I didn’t really like this 87th Precinct. It seems like it’s recycling the previous two novels. In this one, Carella worried about his faithfulness to his wife, Teddy (though never crosses any lines.) This was a major subplot of Long Time No See. And just two novels after Bert Kling’s wife is taken hostage by a stalker, So Long as You Both Shall Live, we have the roles reversed with a male captive and an obsessed female stalker. Even the presence of Monaghan and Monroe, the useless homicide detectives who do their vaudville schtick to the annoyance of Carella and the other detectives of the 87th, wear out their welcome in this one. So does Genero, the precinct’s resident idiot. Only Fat Ollie Weeks, who has become the series’s resident Archie Bunker, seems to be interesting in this one. I was disappointed.
Ed McBain
Detectives Steve Carella and Cotton Hawes respond to the fatal stabbing of a woman outside her apartment. The woman was stabbed once as she carried groceries into the building. While they start work on her death, a call comes through that another person is stabbed inside the building, this one a famous writer named Gregory Craig, who wrote a bestselling book about a haunted house in Massachusetts. The only witness? Craig’s young girlfriend, who is a dead ringer for Teddy Carella, Steve Carella’s wife.
The temptation of Carella has become a regular theme to the story at this point. Hillary Scott, the woman who could be Teddy’s twin, has a twin herself, one who eventually hits on Carella. In Calypso, it sounded like a rehash of Long Time No See. This time, however, the resemblance to Teddy Carella adds a new spin that not only messes with Carella but also resident lothario Cotton Hawes. Hawes finds the sisters very attractive but is made nervous by their resemblance to his partner’s wife. Late in the story, Carella is asleep in a motel room when he seems to dream that he gave into temptation. By the end of the scene, he’s not so convinced. So maybe the precinct’s resident boy scout may have finally screwed up.
Near the end of the story, in a scene reminiscent of Detective Rick Genero’s introduction in Fuzz, the character of Tak Fujiwara makes his debut. While I haven’t read any of the books featuring Tak, I suspect he’s there for two reasons. First, the squad needs a little diversity at this point. By 1980, Arthur Brown is the squad’s sole black officer, and his race only seems to be mentioned anymore if Fat Ollie Weeks is in the story. Second, Genero as the young rookie detective is kind of a dud. It seems like he’s supposed to be play the wet-behind-the-ears noob that Bert Kling had played up until Fuzz. However, he’s sort of become the village idiot, displacing bigoted lout Andy Parker in tandem with a smarter, more likeable bigot, Fat Ollie.
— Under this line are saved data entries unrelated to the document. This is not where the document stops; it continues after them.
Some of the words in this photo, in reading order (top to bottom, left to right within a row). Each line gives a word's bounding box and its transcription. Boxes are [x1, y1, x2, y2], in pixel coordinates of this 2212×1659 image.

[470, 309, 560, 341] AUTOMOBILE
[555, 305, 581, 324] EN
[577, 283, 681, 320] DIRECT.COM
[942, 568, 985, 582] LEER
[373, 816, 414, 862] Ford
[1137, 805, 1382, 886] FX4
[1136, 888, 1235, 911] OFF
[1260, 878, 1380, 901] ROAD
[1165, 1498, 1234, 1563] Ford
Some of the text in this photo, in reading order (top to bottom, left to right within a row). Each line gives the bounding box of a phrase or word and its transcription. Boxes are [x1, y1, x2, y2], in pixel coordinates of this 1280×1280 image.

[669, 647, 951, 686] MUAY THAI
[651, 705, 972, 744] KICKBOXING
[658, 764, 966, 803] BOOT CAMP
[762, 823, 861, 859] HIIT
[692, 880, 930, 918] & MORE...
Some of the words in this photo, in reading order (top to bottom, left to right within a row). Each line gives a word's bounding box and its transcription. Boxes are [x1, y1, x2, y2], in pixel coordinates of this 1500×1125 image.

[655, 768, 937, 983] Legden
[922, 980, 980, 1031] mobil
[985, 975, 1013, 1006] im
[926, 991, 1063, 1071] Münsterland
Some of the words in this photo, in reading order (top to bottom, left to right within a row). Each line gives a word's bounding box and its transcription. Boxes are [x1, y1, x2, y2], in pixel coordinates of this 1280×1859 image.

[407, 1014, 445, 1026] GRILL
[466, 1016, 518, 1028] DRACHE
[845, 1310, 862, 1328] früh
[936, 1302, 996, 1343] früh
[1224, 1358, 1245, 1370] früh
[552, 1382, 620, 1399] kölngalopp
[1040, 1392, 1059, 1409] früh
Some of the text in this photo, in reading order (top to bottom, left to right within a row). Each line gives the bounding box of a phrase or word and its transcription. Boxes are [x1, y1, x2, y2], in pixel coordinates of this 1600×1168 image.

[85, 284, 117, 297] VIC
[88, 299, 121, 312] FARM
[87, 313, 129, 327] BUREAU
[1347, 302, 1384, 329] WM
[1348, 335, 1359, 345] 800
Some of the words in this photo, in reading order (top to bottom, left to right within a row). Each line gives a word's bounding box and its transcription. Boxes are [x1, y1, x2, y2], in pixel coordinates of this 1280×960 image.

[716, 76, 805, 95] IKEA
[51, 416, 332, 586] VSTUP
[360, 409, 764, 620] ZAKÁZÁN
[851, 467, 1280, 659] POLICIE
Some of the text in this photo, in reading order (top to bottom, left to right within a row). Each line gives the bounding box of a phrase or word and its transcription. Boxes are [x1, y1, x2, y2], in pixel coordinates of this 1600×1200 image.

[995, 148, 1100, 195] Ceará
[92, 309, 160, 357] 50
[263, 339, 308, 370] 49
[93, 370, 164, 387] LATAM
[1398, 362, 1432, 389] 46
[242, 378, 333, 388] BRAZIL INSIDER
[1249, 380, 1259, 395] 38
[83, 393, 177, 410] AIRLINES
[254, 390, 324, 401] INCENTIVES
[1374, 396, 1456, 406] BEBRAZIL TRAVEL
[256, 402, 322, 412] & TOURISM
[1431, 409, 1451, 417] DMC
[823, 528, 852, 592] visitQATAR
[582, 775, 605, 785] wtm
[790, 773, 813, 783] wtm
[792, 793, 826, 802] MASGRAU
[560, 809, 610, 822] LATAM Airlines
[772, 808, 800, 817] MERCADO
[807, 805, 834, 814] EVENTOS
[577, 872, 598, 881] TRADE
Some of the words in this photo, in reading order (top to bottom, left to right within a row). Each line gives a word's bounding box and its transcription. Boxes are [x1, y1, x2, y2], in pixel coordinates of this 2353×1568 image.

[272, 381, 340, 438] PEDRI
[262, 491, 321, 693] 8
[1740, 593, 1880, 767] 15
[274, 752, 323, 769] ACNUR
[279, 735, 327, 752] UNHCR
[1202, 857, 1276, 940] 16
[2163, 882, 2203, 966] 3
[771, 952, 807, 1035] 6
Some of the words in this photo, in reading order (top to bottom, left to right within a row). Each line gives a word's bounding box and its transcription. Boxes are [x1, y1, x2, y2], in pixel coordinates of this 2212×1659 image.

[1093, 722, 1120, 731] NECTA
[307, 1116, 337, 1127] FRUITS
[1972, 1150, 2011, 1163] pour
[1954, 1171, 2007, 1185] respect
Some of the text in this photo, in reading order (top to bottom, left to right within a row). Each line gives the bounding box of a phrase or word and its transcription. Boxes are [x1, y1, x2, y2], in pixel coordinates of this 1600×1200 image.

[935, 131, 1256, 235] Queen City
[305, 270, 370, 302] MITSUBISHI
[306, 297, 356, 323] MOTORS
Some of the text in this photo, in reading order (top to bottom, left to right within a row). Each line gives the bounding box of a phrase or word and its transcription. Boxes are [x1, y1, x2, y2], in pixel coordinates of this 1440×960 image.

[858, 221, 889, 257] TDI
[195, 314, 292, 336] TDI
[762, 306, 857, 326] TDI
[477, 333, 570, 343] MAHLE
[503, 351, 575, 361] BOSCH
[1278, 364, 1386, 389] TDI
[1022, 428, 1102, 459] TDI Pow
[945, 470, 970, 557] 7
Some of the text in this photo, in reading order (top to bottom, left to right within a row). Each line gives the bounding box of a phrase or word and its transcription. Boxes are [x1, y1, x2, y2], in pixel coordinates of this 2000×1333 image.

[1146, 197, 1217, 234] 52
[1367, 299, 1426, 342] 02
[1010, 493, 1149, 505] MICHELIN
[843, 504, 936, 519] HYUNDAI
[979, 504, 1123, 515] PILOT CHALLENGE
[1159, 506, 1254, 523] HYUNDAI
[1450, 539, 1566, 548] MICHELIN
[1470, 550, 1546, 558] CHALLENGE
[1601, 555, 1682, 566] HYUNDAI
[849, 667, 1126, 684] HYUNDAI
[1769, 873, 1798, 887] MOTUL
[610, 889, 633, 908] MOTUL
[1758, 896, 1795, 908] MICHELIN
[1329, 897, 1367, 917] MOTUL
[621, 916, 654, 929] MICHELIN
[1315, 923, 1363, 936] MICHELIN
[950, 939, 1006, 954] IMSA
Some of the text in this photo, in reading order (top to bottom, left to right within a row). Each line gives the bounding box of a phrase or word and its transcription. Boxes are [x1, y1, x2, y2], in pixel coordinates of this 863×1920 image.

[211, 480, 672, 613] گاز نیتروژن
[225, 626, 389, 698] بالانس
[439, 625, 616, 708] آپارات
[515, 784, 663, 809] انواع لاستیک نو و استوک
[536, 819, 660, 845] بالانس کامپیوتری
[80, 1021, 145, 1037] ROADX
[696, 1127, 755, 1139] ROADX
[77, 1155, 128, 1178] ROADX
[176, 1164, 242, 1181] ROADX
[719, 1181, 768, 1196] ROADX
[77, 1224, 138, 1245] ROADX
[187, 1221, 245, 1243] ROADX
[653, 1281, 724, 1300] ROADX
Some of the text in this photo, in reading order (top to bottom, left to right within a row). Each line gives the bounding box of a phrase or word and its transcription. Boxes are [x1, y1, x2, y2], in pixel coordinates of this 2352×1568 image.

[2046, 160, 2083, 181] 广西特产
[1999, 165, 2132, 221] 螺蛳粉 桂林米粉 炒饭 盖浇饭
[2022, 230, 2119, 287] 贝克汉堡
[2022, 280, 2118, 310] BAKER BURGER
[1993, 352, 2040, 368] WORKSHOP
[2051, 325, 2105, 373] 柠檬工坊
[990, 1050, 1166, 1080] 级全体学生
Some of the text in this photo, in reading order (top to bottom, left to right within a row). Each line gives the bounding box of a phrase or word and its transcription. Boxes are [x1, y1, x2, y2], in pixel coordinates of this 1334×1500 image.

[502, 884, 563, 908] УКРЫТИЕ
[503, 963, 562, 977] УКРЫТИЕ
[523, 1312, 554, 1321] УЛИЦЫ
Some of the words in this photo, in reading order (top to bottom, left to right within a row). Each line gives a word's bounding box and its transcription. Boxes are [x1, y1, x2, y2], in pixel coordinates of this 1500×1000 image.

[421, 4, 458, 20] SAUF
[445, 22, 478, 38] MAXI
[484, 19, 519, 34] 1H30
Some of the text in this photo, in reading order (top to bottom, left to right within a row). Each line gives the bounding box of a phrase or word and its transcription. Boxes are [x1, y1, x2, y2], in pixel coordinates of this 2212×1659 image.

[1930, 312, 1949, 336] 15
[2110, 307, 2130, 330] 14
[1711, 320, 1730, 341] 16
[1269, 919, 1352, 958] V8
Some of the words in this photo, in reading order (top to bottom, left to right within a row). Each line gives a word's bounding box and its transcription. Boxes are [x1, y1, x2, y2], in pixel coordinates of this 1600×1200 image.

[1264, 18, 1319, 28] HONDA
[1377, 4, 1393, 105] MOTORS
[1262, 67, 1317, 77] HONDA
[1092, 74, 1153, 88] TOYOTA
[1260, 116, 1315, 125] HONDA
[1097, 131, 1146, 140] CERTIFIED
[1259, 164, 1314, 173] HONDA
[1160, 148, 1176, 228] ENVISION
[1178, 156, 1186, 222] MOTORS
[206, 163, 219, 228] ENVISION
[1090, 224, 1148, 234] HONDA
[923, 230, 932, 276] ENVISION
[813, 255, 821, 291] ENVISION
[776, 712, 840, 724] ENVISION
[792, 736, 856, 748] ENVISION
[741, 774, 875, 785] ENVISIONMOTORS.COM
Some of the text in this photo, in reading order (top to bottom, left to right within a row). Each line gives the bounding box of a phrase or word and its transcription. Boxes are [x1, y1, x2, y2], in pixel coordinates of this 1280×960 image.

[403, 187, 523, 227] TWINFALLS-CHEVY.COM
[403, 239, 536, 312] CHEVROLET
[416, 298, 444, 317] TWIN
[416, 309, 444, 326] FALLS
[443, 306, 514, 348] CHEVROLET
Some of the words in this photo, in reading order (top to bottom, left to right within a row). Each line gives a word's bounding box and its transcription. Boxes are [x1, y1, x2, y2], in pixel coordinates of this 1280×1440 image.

However, while Fat Ollie (who gets only a passing mention in this story) is smart but ignorant with an interesting personality, Genero is little more than a punchline. Bringing in Tak off the streets is probably to correct that shortcoming. And notice that Parker hardly rates a mention anymore. Good riddance. He was an annoying character.
This one feels a bit more modern as McBain is clearly referencing The Amityville Horror, which had come a year before this, the first 87th Precinct novel of the 1980s. In one bizarre sequence, Carella may have actually seen a ghost. It not only scares Carella into paralysis but causes the psychic Hillary Scott to faint. McBain never actually says if it’s an actual ghost, but it’s enough to rattle the steely Carella. It’s a different entry in the 87th Precinct, which isn’t quite as flat as Calypso.